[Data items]
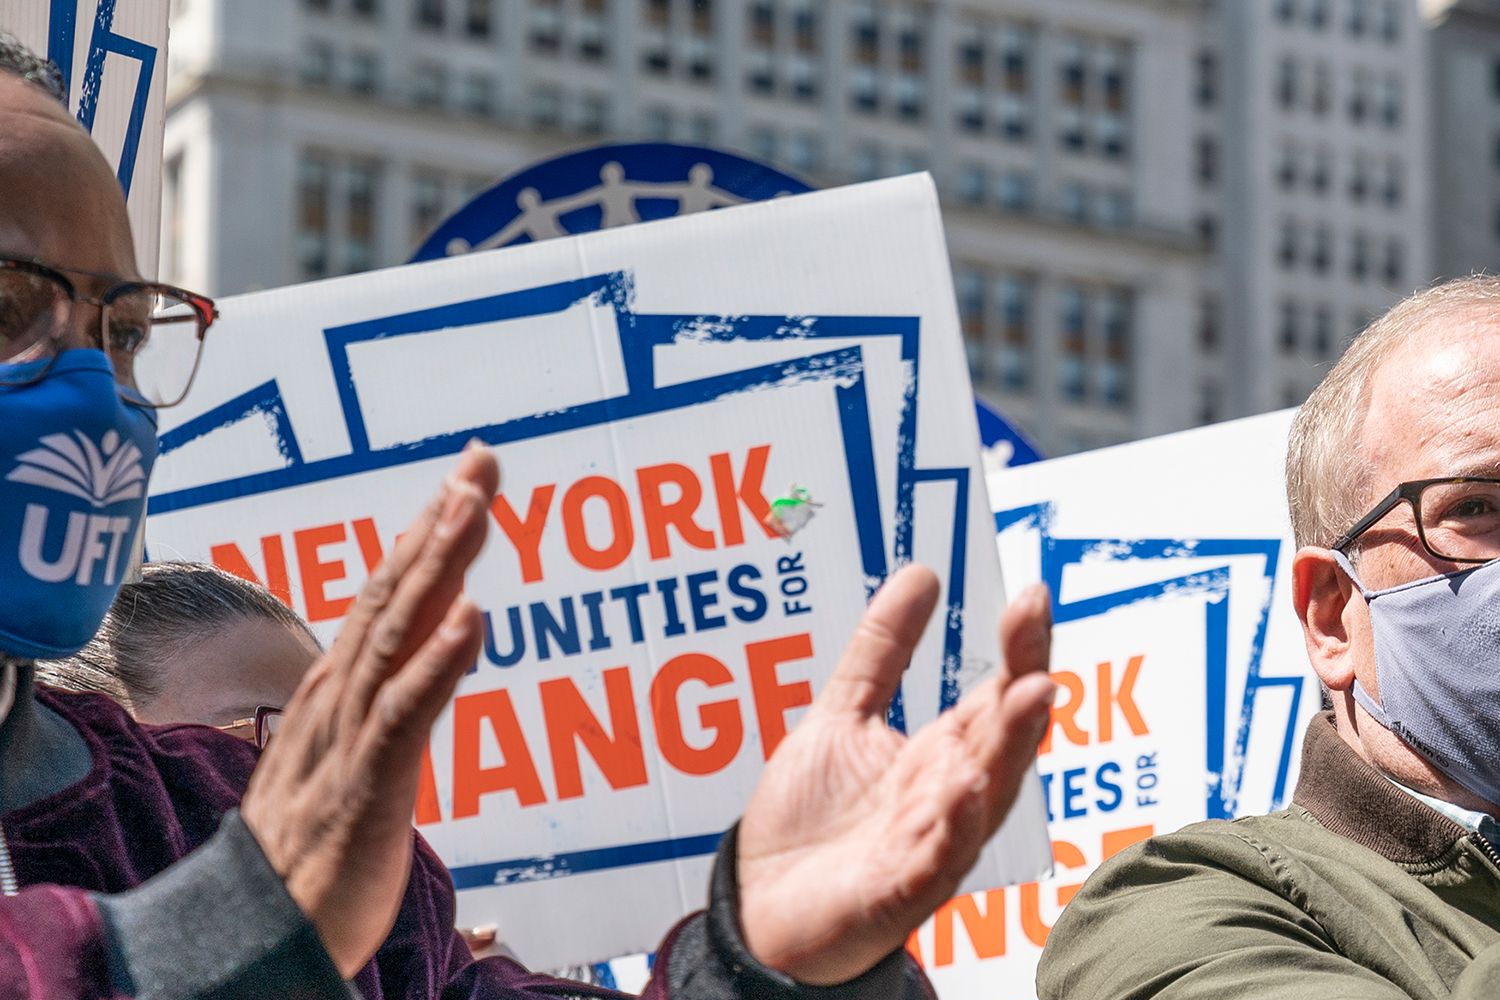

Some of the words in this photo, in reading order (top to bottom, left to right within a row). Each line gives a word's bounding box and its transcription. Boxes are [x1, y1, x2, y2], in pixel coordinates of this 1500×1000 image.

[18, 503, 131, 586] UFT
[210, 516, 408, 624] NE
[489, 445, 780, 584] YORK
[464, 564, 768, 676] UNITIES
[777, 552, 813, 617] FOR
[414, 633, 815, 826] ANGE
[1040, 655, 1150, 754] RK
[1136, 751, 1159, 809] FOR
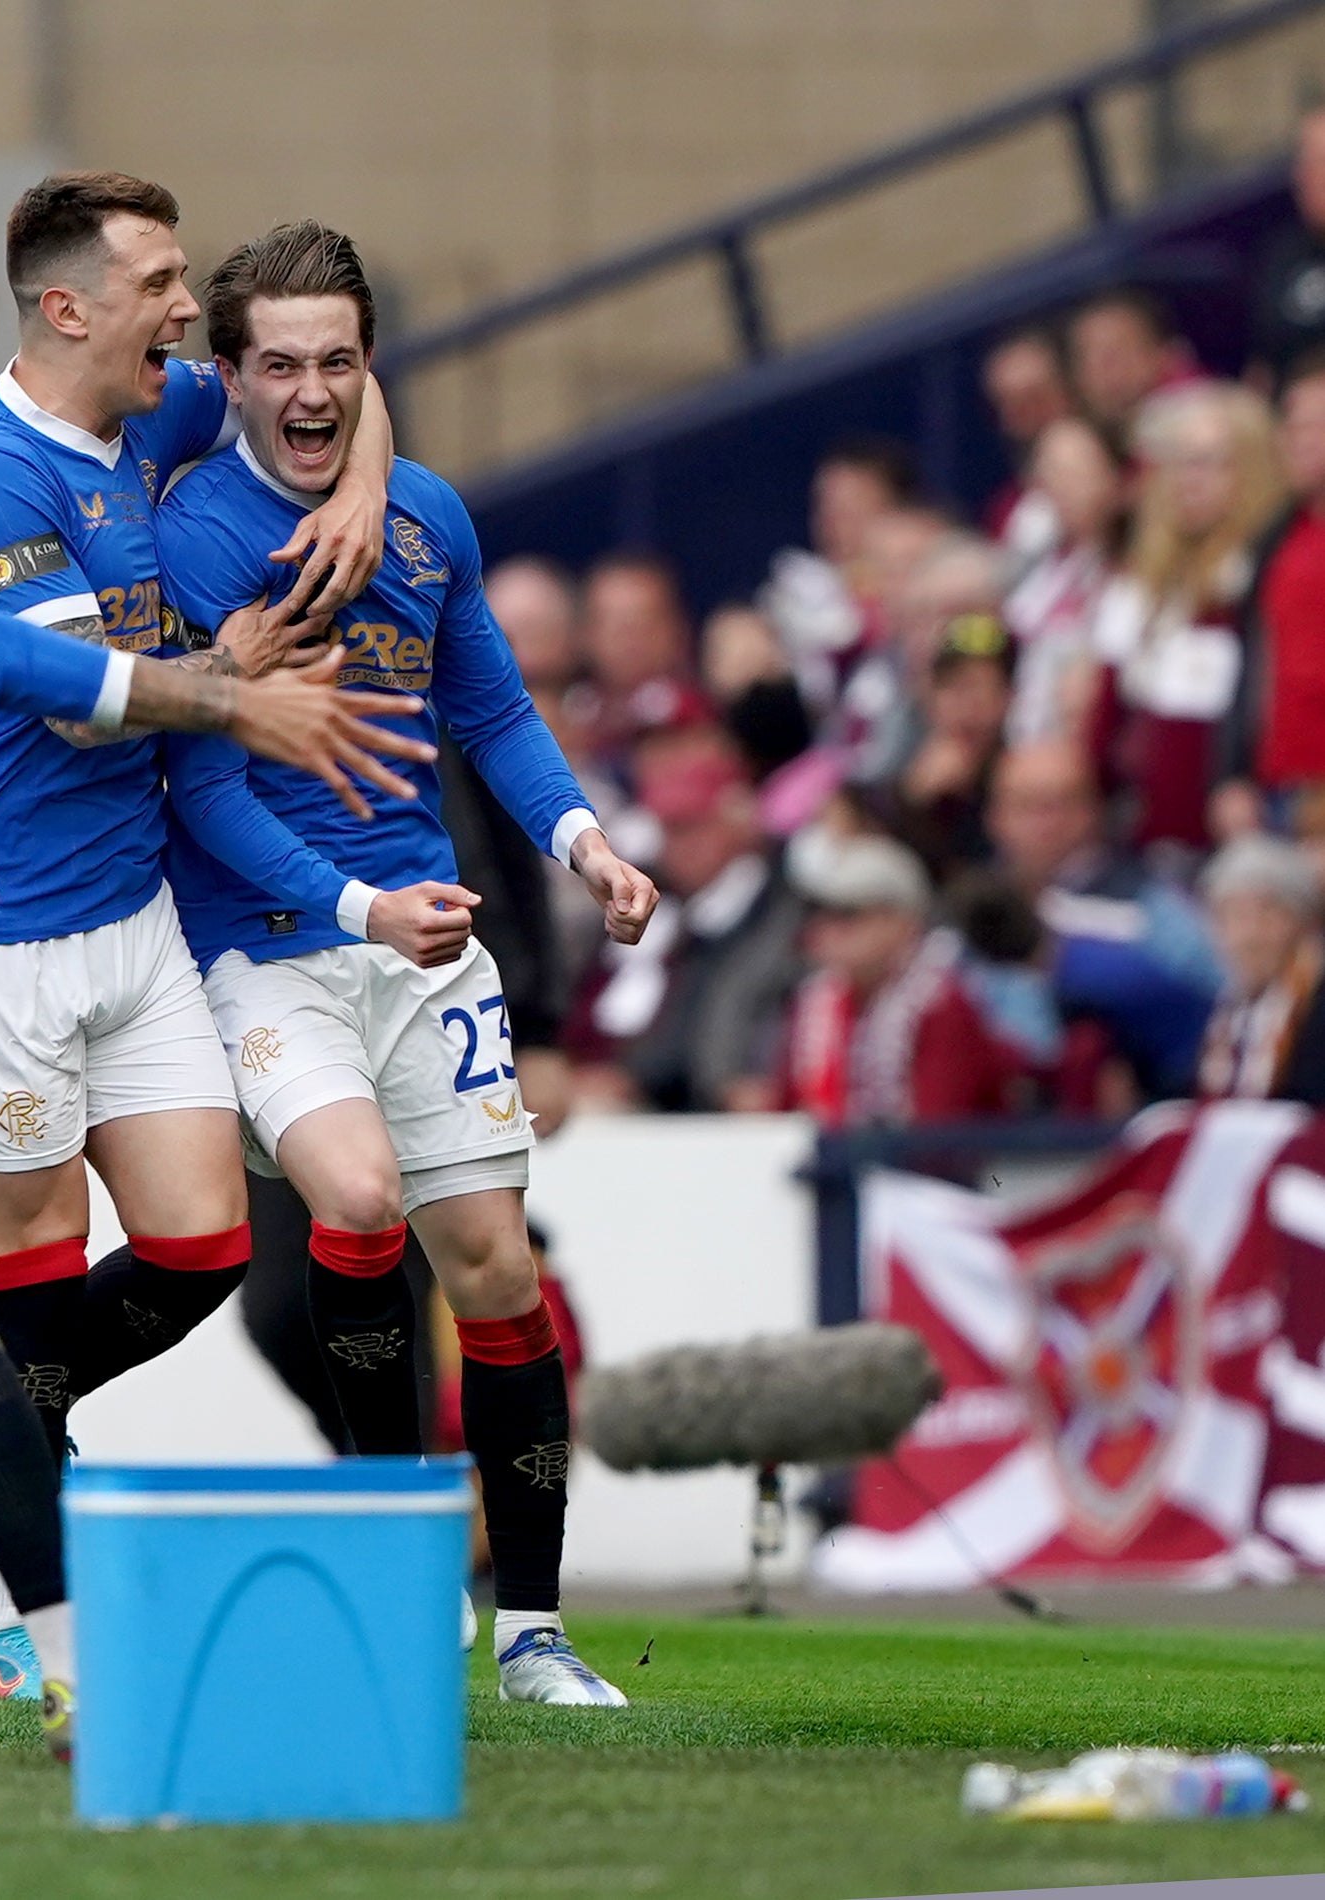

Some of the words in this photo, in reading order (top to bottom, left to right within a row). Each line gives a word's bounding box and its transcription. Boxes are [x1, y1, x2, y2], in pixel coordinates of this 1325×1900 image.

[34, 541, 60, 556] KDM
[118, 636, 136, 650] SET
[336, 671, 360, 684] SET
[441, 994, 516, 1093] 23
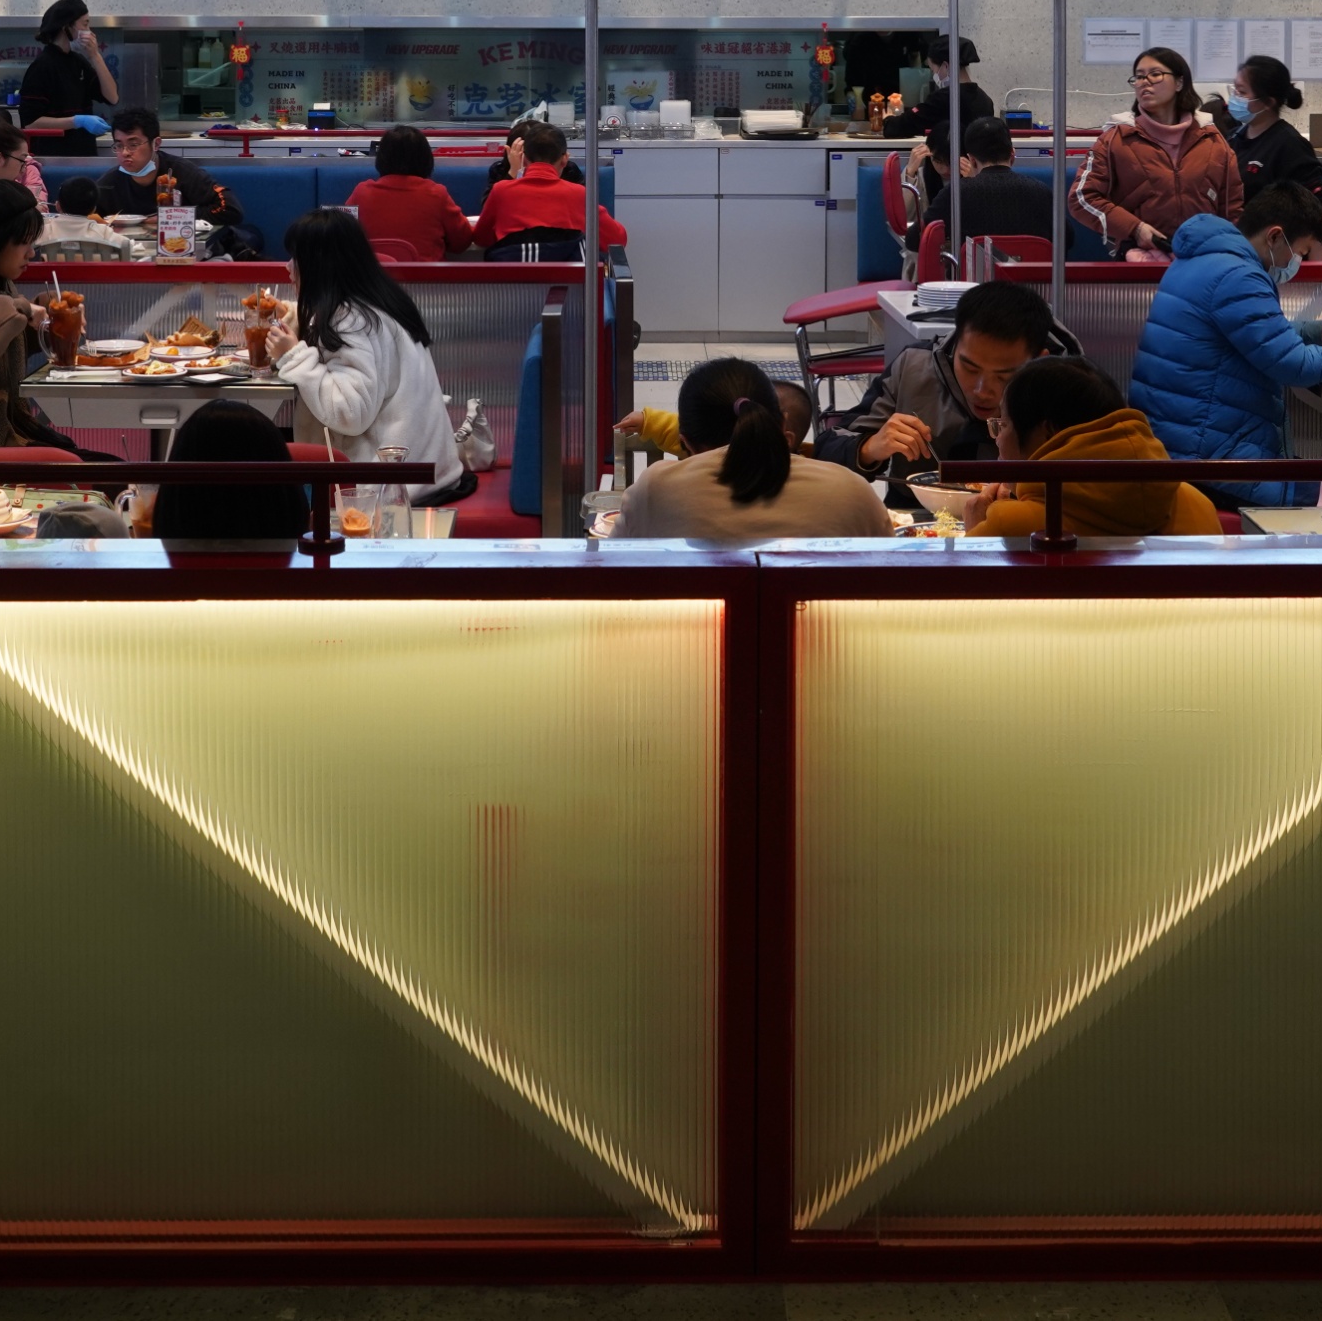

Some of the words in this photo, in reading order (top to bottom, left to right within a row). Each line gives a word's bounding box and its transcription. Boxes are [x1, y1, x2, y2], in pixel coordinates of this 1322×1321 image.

[386, 45, 409, 55] NEW
[412, 44, 461, 55] UPGRADE
[478, 42, 514, 67] KE
[630, 44, 678, 55] UPGRADE
[765, 82, 794, 90] CHINA

Problem requirements: Every line above must appear in the answer unchanged, and no picture may appear in it.

Answer to the problem:
Some of the words in this photo, in reading order (top to bottom, left to right within a row). Each line gives a word's bounding box and its transcription. Boxes are [x1, y1, x2, y2], in pixel coordinates of this 1500×1000 image.

[18, 503, 131, 586] UFT
[210, 516, 408, 624] NE
[489, 445, 780, 584] YORK
[464, 564, 768, 676] UNITIES
[777, 552, 813, 617] FOR
[414, 633, 815, 826] ANGE
[1040, 655, 1150, 754] RK
[1136, 751, 1159, 809] FOR

Some of the words in this photo, in reading order (top to bottom, left to right within a row). Each line gives a word's bounding box and its transcription. Boxes are [x1, y1, x2, y2], in pixel coordinates of this 1325×1900 image.

[34, 541, 60, 556] KDM
[118, 636, 136, 650] SET
[336, 671, 360, 684] SET
[441, 994, 516, 1093] 23

Some of the words in this photo, in reading order (top to bottom, left to right within a row). Each line gives a word's bounding box and its transcription. Boxes are [x1, y1, x2, y2], in pixel coordinates of this 1322×1321 image.

[386, 45, 409, 55] NEW
[412, 44, 461, 55] UPGRADE
[478, 42, 514, 67] KE
[630, 44, 678, 55] UPGRADE
[765, 82, 794, 90] CHINA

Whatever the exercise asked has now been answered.